If there is a little side play in the drivers at each end, it looks like it should work on 40 inch radius.
@Chris Lonero posted:There will definitely be no switches involved in the loop I’m thinking of. I’m just wondering if I can use 3 rail Atlas track so I can still run 3 rail and 2 rail with different power sources at different times obviously.
I don't know about Atlas track: If it's at all like Lionel Fastrack (which has the outside rails connected, so it won't work for what you want), but I'm using Gargraves for both 2 and 3 rail as the mood strikes. Having wood ties and isolated outside rails makes this possible. FWIW.
Mark in Oregon
For an engine that size, 40.5" Radius (O-81) Atlas 3-rail track should work or you can use the 40.5" radius 2-rail track. If you use Atlas three-rail track (not the turnouts, though), the running rails are insulated and you could wire the track to support 2-rail DC, just not the same time you're running 3-rail equipment or AC.
I just ordered some 0-45 curves from Trainworld to try it out. I’m not use to such small flanges but I’d rather a nice model than having to settle for the very limited choices of British type engines we have here in the states. Thanks for all your help guys I’ll post the results after I get the track.
@Strummer posted:I don't know about Atlas track: ...snip... Mark in Oregon
I thought that the outer rails of the Atlas three-rail straight and curve sectional track and the flex track were not connected so I dug out my trusty Simpson 270 VOM, and no, the outer rails are NOT connected. i have several lengths of the concrete tie flex track and (well, it is not really too flexible) I plan on removing the center rail and using it as two-rail track. I may do the same with some Fastrack that I have by removing the jumper between the two outer rails; quick-and-dirty yard and siding tracks. Unless it is it a highly visible location, I might not even yank the center rail. Food for thought.
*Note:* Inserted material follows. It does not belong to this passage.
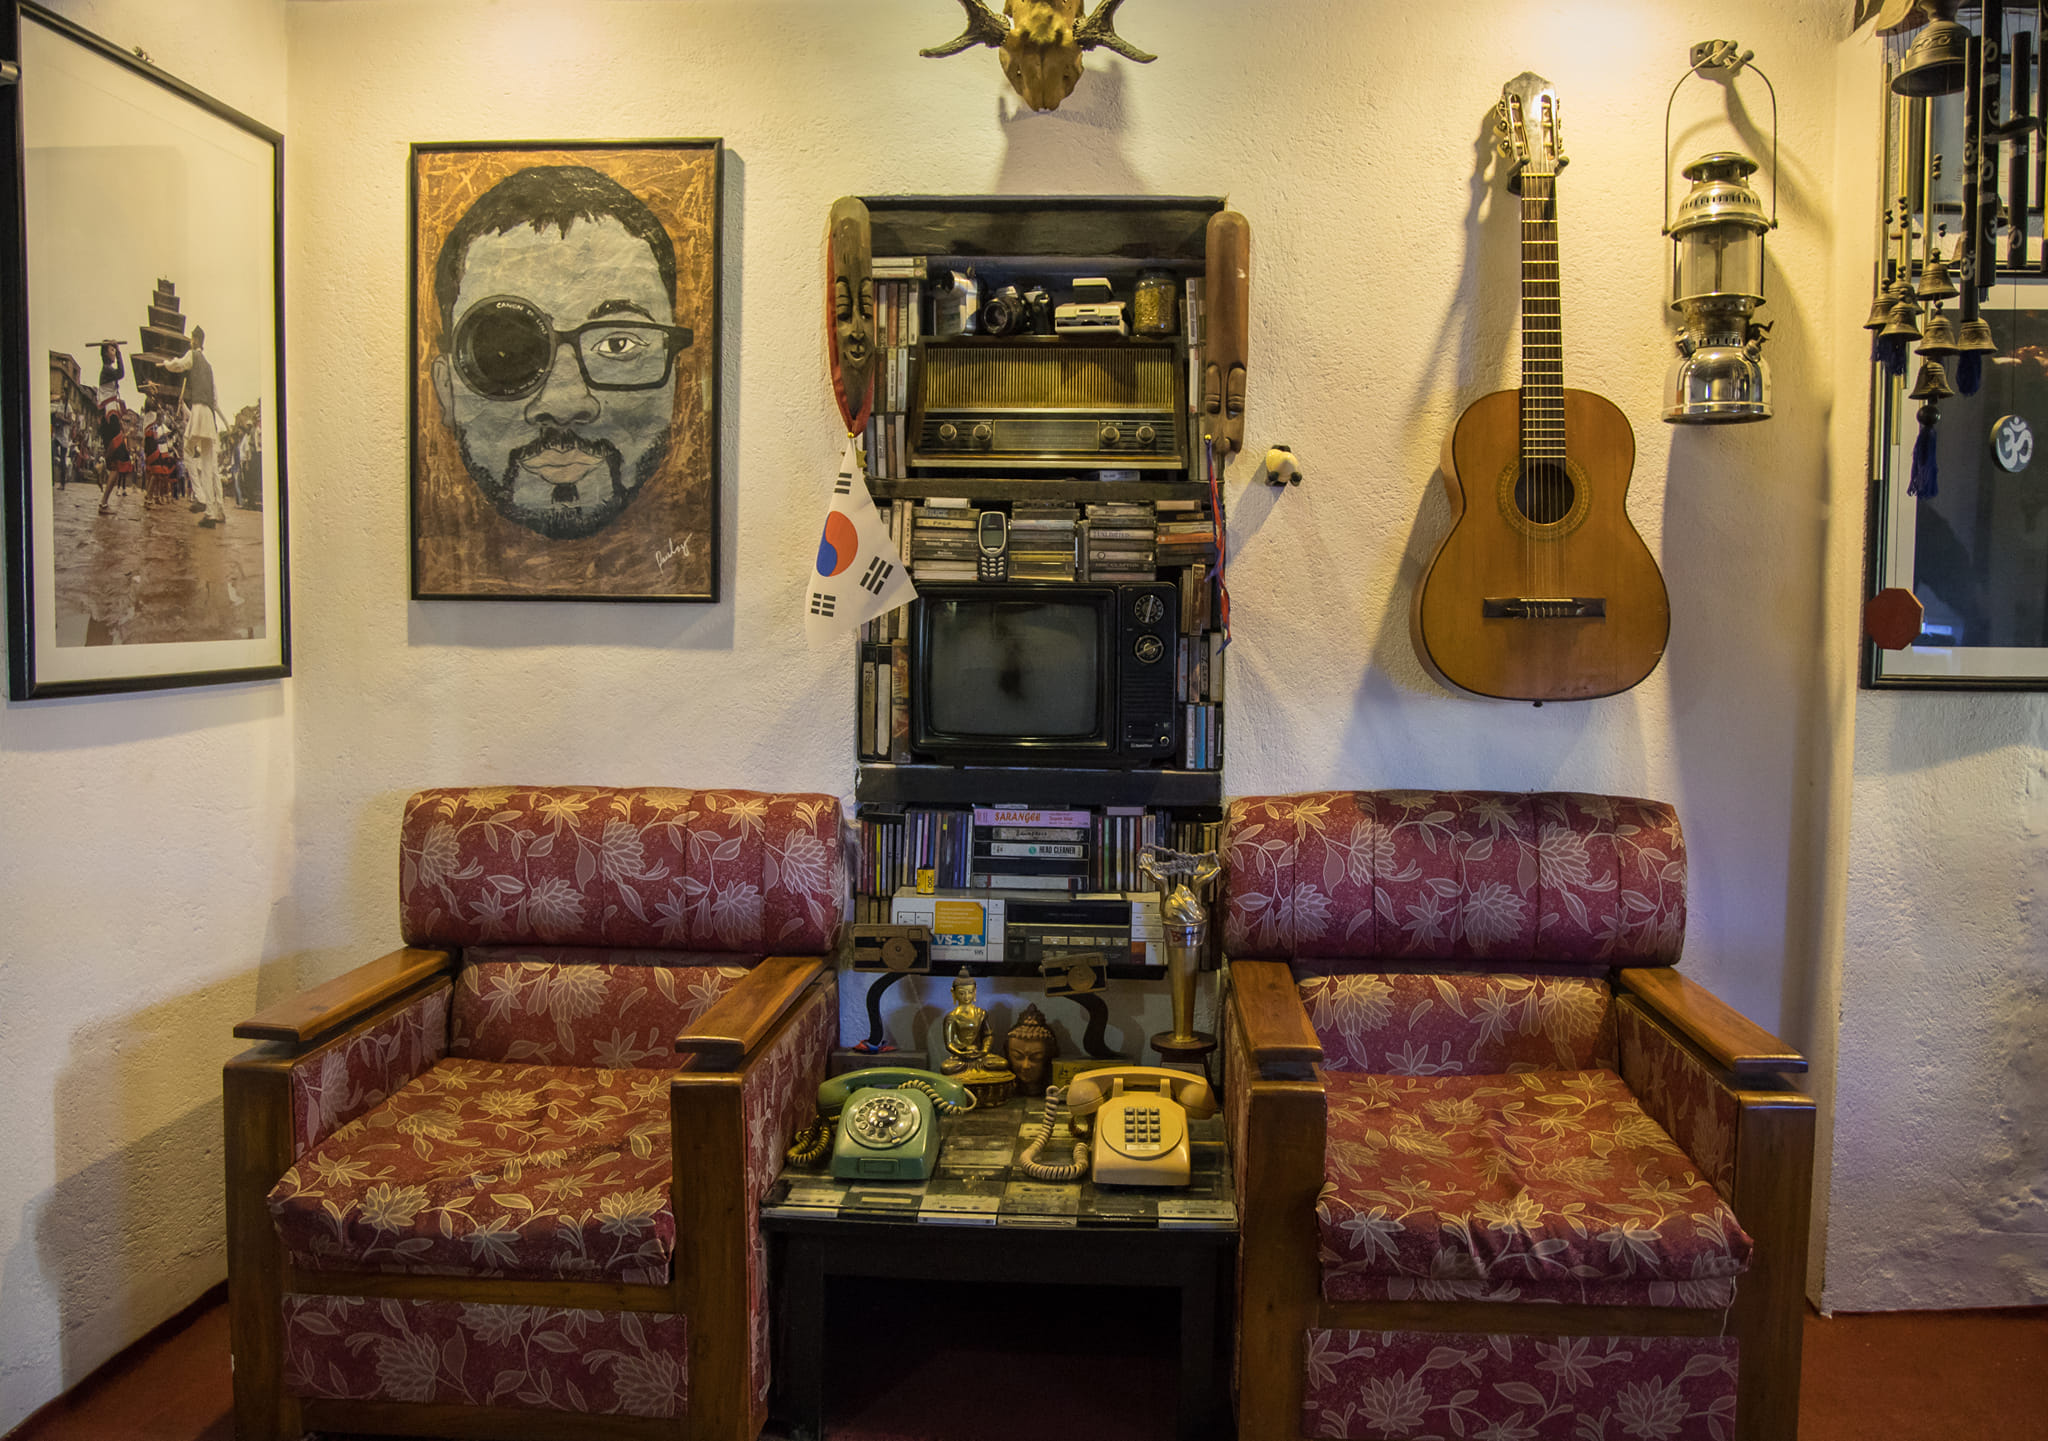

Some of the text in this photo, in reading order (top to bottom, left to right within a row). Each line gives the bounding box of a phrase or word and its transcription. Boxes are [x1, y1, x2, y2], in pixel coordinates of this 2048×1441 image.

[1038, 845, 1076, 855] HEAD CLEANER
[935, 935, 965, 945] VS-3
As a 2 rail and ancient user of Gargraves, I did not consider that Atlas may have wired the outside rails together. You want to check that with a meter.
We use Atlas 3-rail for our 2-rail equipment on our club layout. No switches, obviously, but no problems, either. The assertion that you must always use 2-rail track for 2-trains is overly simple and often incorrect.
Chris, I forgot to say what track I use.
I use Atlas and Micro-Engineering code 148 2-rail track and Signature Switch turnouts, frogs were made to handle 3-rail wheels. I use 3-rail wheels and things are running smoothly, it was too costly to convert to 2-rail wheels. Those pizza cutter flanges certainly help keep things on the track.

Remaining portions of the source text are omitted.